The third redemption, then, is when the believer is raised from the dead and goes to be with Jesus. For every believer, redemption is truly near, near because by the faith given by the Spirit, it’s only a matter of time until this final redemption is completed.
A couple of years ago, a movie came out entitled The Firing Squad. It recounted the life of a drug dealer, of how he was dealing drugs in Indonesia, where to be caught was an automatic death penalty.
There were several times he had come in contact with those who wished him to become a believer in Jesus. Of course, life was too good for him even to consider anything other than the lavish lifestyle he was leading.
But, alas, he was caught. After some time in prison, as believers spoke to him often, and as the time of his execution came closer, the beauty of the lives of those confessing their faith to him caused him to begin to explore the Scriptures. He started reading the Bible and became a believer.
He, too, now beautifully demonstrated the words of this passage when it came time for his execution, for he did indeed stand up and raise his head high, even at that moment before the firing squad. His final redemption was indeed near, in the next few moments! He now had no fear of death, for that was the door by which he would go to be with Jesus.
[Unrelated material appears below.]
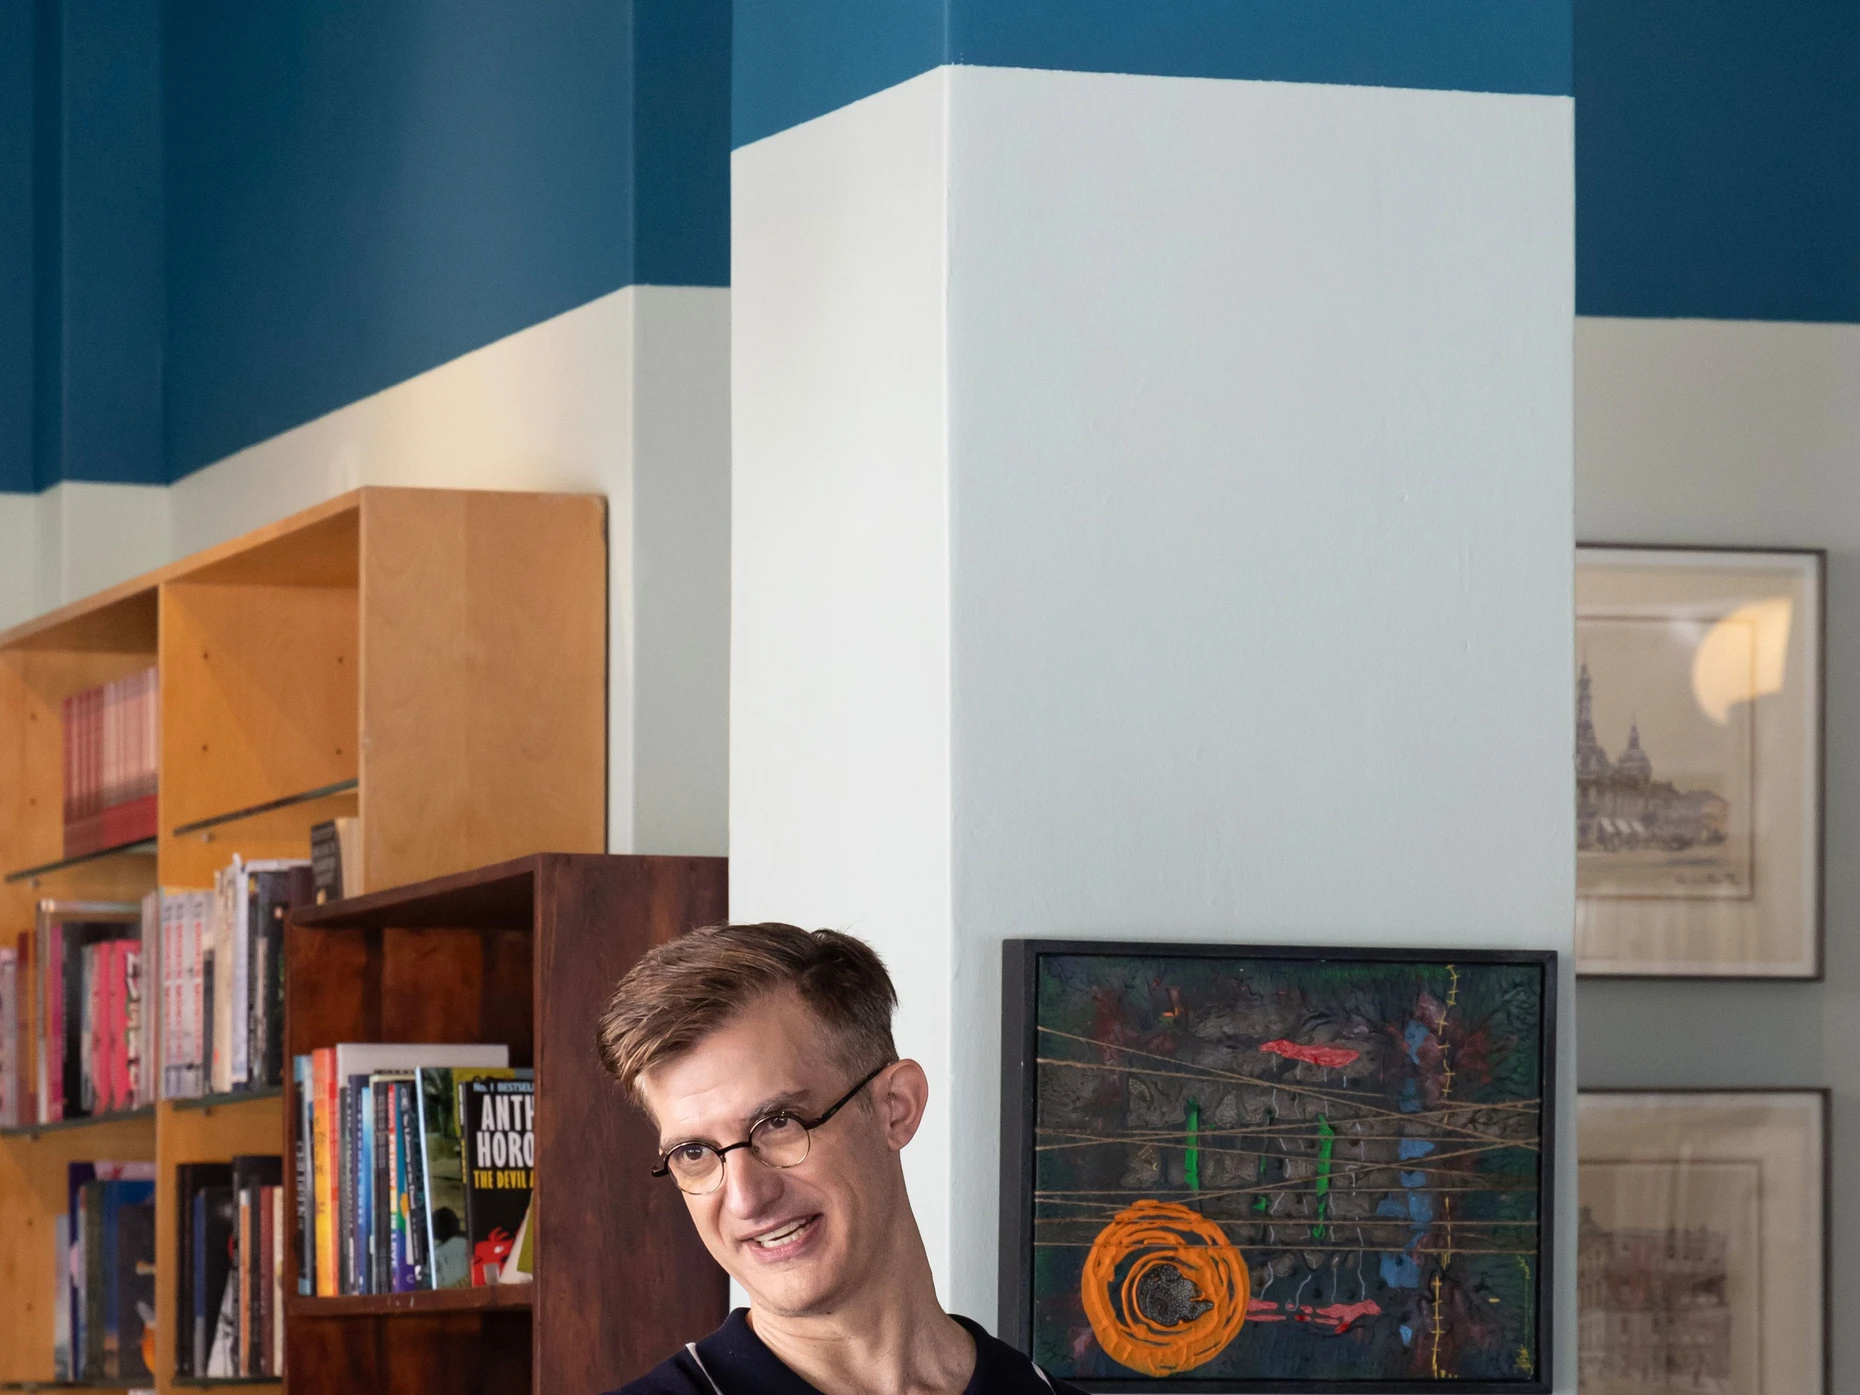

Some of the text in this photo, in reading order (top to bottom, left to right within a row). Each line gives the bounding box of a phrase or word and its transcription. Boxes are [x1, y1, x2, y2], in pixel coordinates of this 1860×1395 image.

[481, 1094, 535, 1131] ANTH
[476, 1131, 535, 1168] HORO
[473, 1170, 493, 1189] THE
[496, 1170, 527, 1189] DEVIL
As we ponder our own end, it might well bring a bit of fear. It’s not something anyone can experience or rehearse ahead of time. When the day comes, it’s going to be brand new, something we’ve never faced before.
Yet because God has remade us into people now counted holy by God, because he is with us at all times, because our sin debt against God has indeed been paid by Jesus, there is no reason to fear death itself, but there really is only eager anticipation to be with Jesus.
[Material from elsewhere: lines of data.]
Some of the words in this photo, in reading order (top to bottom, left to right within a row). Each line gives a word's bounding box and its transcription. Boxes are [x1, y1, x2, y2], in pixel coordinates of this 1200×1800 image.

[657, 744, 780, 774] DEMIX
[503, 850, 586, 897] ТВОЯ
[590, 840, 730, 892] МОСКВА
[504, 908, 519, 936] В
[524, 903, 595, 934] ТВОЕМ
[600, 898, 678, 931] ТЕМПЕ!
Yes, our redemption is near, as near as our own deaths or as near as the approaching last day. For whether our time to meet Jesus is soon or still a long way off, He, as Our Redeemer, Is Always Near—with us and in us.
All we can ever do is thank God for the gift of faith and thank him for the home he has already prepared for us with him. Yes, all praise be to God.
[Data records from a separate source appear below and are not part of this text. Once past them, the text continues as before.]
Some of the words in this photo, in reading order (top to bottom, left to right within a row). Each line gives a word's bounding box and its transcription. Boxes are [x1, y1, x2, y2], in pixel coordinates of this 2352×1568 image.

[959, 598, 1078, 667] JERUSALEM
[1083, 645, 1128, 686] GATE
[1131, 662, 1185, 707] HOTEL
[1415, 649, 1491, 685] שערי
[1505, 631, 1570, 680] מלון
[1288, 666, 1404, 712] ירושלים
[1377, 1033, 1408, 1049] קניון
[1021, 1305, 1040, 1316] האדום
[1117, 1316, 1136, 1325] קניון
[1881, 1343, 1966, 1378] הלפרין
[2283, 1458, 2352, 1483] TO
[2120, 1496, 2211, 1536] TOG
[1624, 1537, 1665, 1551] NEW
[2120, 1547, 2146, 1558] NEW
Years ago, many retail companies had systems of giving gifts to their customers. The way it usually worked was for the customer to do something—collect something, save something—to get the gift.
For example, some companies asked the customer to save receipts. Other companies had them save bottle caps and later the snap tops of soda cans. Then there was this very popular approach: The store gave stamps, and when you collected enough, you could choose from among various prizes. They called it “redeeming” the stamps.
But actually, all the gimmicks required that one had to do something to “redeem” the prize. The prizes were things like sets of glasses or dishes, maybe even figurines of one sort or another.
Yet the real redemption, that of being redeemed by Jesus, comes not by something we do but by what Jesus did and does. And we get not something that breaks or fades; we get that which goes on forever.
God not only does something; he does everything, and always, always, for our greatest good: eternal life with him. We, then, look forward to the final redemption, the redemption of our bodies to join our souls at the Last Day (Lk 21:28). Amen
The Peace of God which passes all understanding, keep your hearts and minds in Christ Jesus our Lord and Savior. Amen.